いがらし先生の代表作としてもう1つ恋愛漫画の「レディ・ジョージィ」があります。これは「キャンディ・キャンディ」とはまた違ったラブロマン溢れる作品でもありました。

井沢満氏が原作で、この漫画の主人公・ジョージィはオーストラリアで兄2人と母の4人家族で暮らしていました。ジョージィの暮らす家は牧場を経営する所で、父亡きあと兄と母と一緒に牧場を切り盛りしてきました。

ジョージィの腕には見事なブレスレットがついていました。亡くなった父がいつも身に付けて置くようにとジョージィに言い聞かせていたのです。でもこのジョージィのブレスレットはある重大な秘密が隠されていました。

でもそんなこととは知らずに、ジョージィは兄のアベルとアーサーと仲の良い兄妹として、オーストラリアの大地を駆け回っていました。

でもアベル、アーサーの母はジョージィにはいつも冷たく当たっていました。ジョージィはそんな母の態度に対して悲しく思っていました。

ジョージィが14歳、アベルが17歳、アーサーが16歳に成長した時、2人の兄はジョージィを妹として見なくなってきました。美しい女性へと変わっていくジョージィにアベルもアーサーも妹から1人の女性として愛するようになってしまったのです。母は2人の息子がジョージィを愛するようになるのが一番不安要素でもあり、だから彼女に対しては優しく接することが出来ませんでした。
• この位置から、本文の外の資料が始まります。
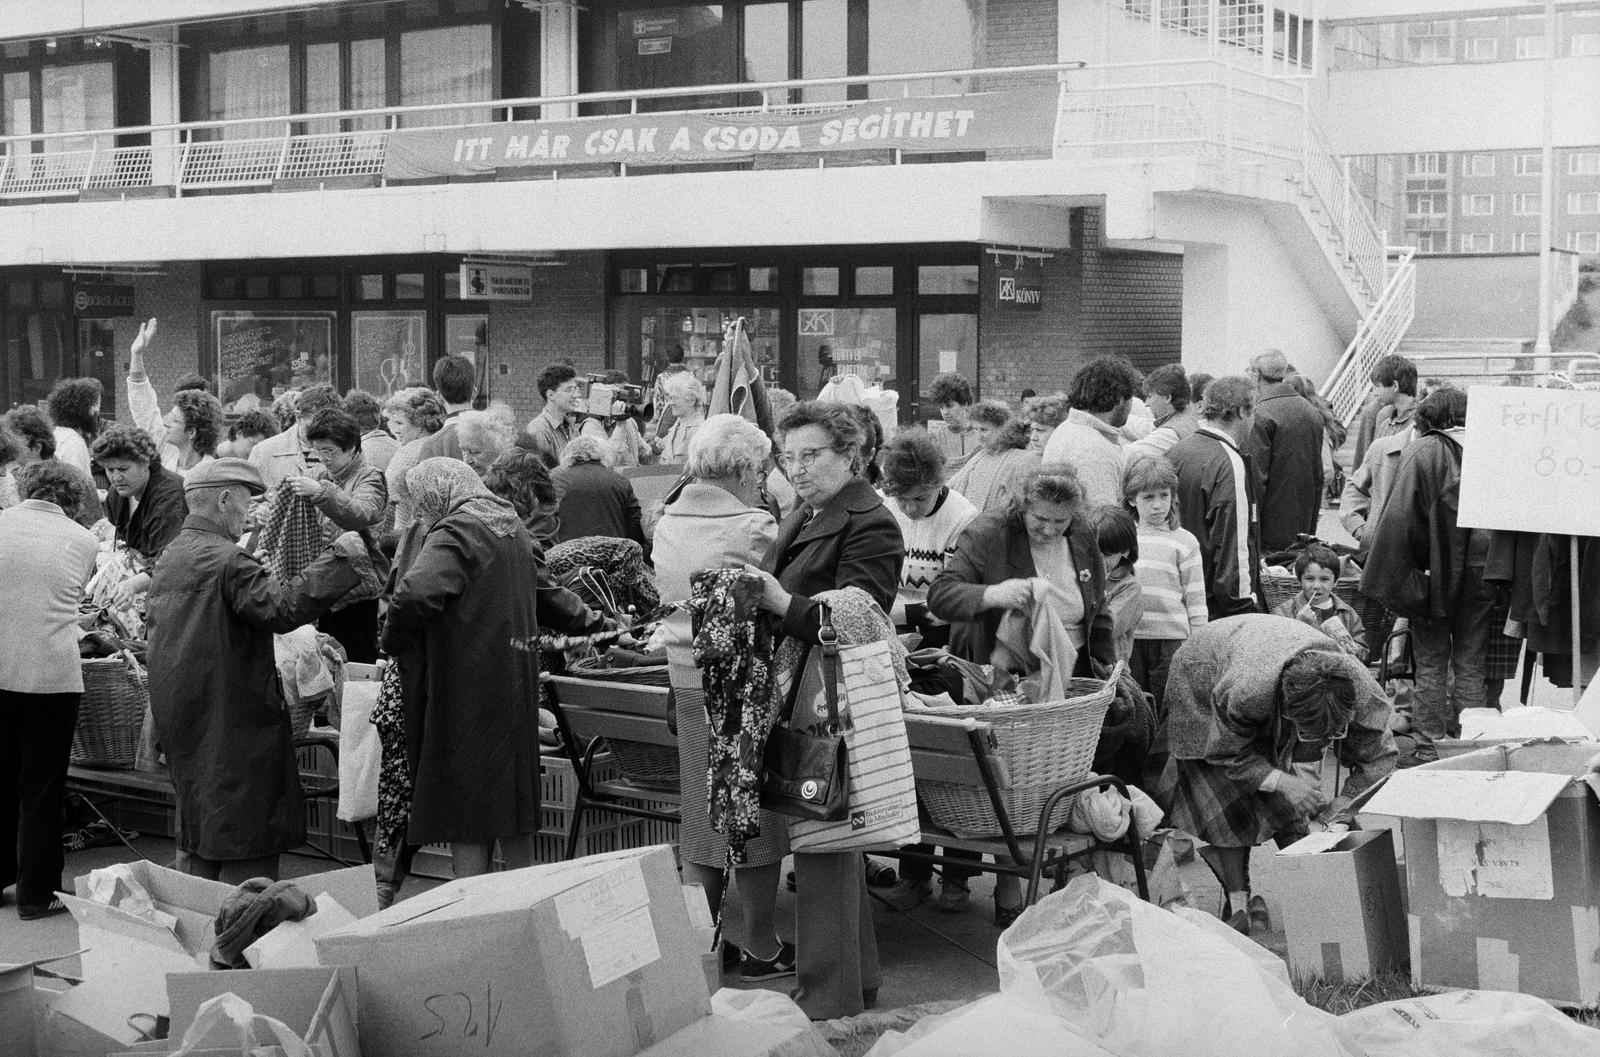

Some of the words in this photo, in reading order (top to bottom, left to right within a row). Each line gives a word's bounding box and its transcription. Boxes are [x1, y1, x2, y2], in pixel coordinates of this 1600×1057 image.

[453, 136, 493, 162] ITT
[504, 129, 571, 159] MÁR
[584, 127, 659, 155] CSAK
[668, 126, 691, 151] A
[702, 125, 801, 151] CSODA
[818, 106, 975, 147] SEGÍTHET
ジョージィは実はイギリスから渡ってきた流刑囚の子供で、嵐の中、流刑された夫(ジョージィの実の父)を追って妻が赤ちゃんのジョージィを抱いて追いかけていた時、運悪くカミナリが落ちた木の下敷きになり亡くなってしまいました。その時、拾ったのがアベルとアーサーの父だったのです。

母は流刑囚の子供を育てることに猛反対しましたが、父は「この子は神様がお与えになった私達の子供だよ。」と実の娘としてジョージィを育てることにしました。ブレスレットはジョージィの実の母の形見だったんですね。
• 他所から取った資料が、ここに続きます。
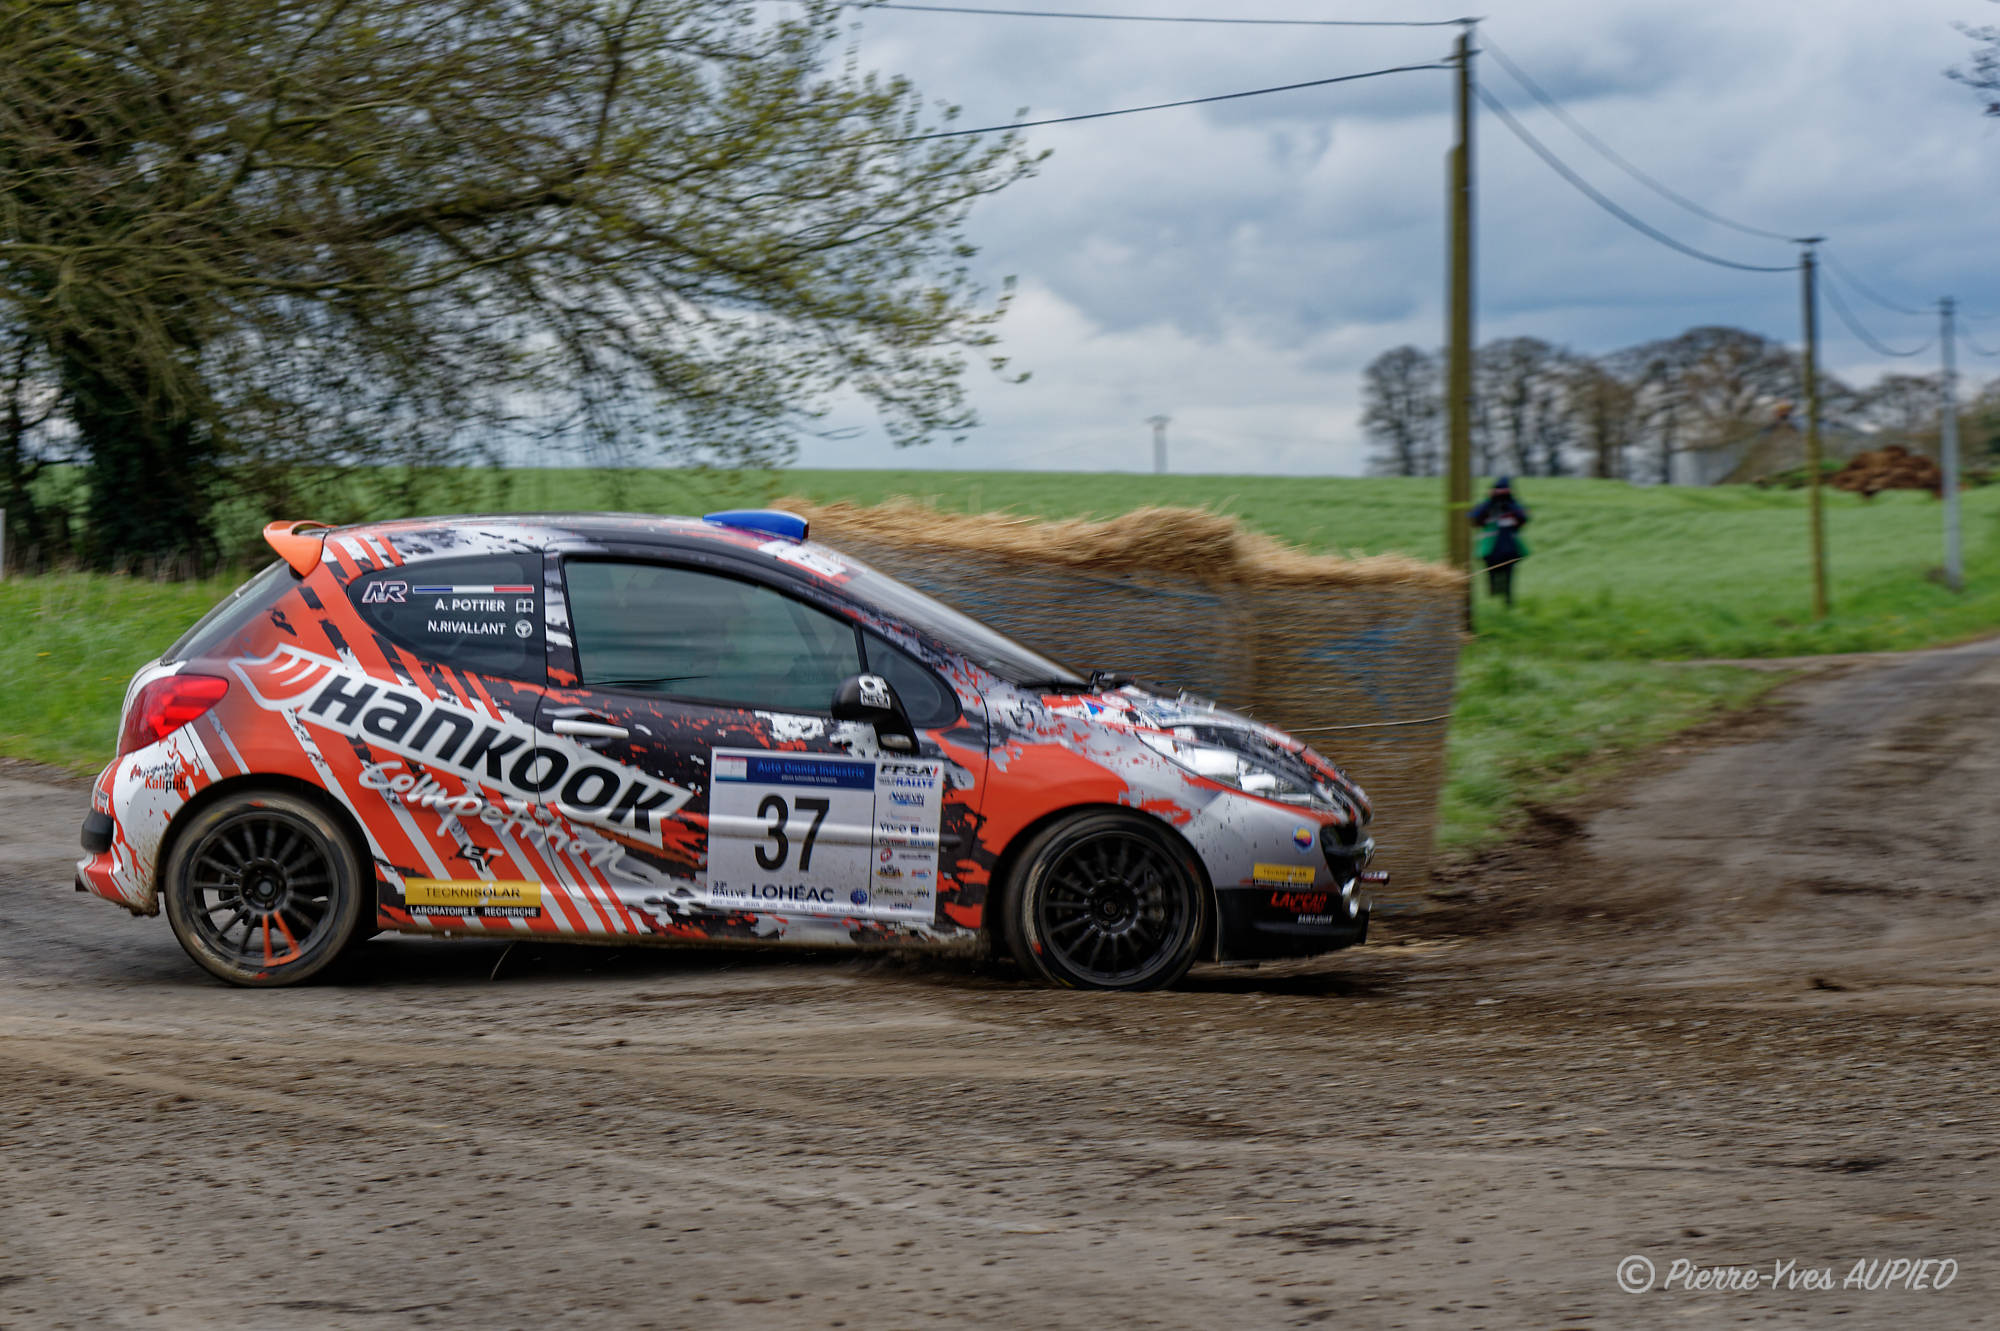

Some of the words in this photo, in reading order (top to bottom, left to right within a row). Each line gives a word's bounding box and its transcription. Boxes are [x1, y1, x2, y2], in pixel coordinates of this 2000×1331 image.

[435, 599, 449, 611] A.
[452, 598, 506, 612] POTTIER
[427, 619, 507, 635] N.RIVALLANT
[757, 760, 781, 773] Auto
[881, 763, 933, 777] FFSA
[145, 774, 186, 793] Kalipub
[896, 776, 935, 789] RALLYE
[754, 793, 830, 872] 37
[425, 886, 521, 898] TECKNISOLAR
[752, 881, 835, 902] LOHÉAC
[410, 905, 470, 916] LABORATOIRE
[485, 906, 537, 917] RECHERCHE
特にアベルはジョージィに対して、妹以上の激しい愛を抱き、誰にもジョージィを取られたくない思いが強くなっていきました。でもジョージィがイギリスから来たロエルと恋に落ちたことを知った時には怒りと共に激しい嫉妬心で、それをめぐってアーサーと喧嘩してしまいました。

2人の息子がとうとうジョージィを愛してしまったことに激しいショックと怒りを感じる母は、もうジョージィを追いだすことしか頭にありませんでした。そしてとうとう我慢が爆発、ジョージィに「お前はうちの子じゃない、お前の父は流刑囚なんだ!」と出生の秘密を明かしてしまい、激しいショックを受けたジョージィは皆に迷惑はかけられないと自ら出生の秘密を知るため、イギリスへ行ってしまいました。

それからのジョージィのイギリスでの運命は過酷なものでした。

ですがこの漫画を見ていて、恋愛ストーリーだということは分かりましたが、ロエルとジョージィのキスシーン、とても10代とは思えないラブシーンは当時としてはとても過激だったのではないかと思われます。ロエルと別れた後、ジョージィはアベルの愛を受け入れますが、今まで兄として一緒に暮らしてきたのに、急に1人の男性として見るなんて果たして出来るでしょうか?普通だったら出来ないはずです。

しかもアベルの子供を妊娠するとは!原作では急展開するも、結局ジョージィもキャンディと同じく好きな男性とは結ばれることは出来ませんでした。実の父に会えることは出来ましたが、ジョージィの運命はアベルの命さえも奪ってしまうほどの過酷さでした。

詳細は原作漫画を読んでいただくとお分かりになります。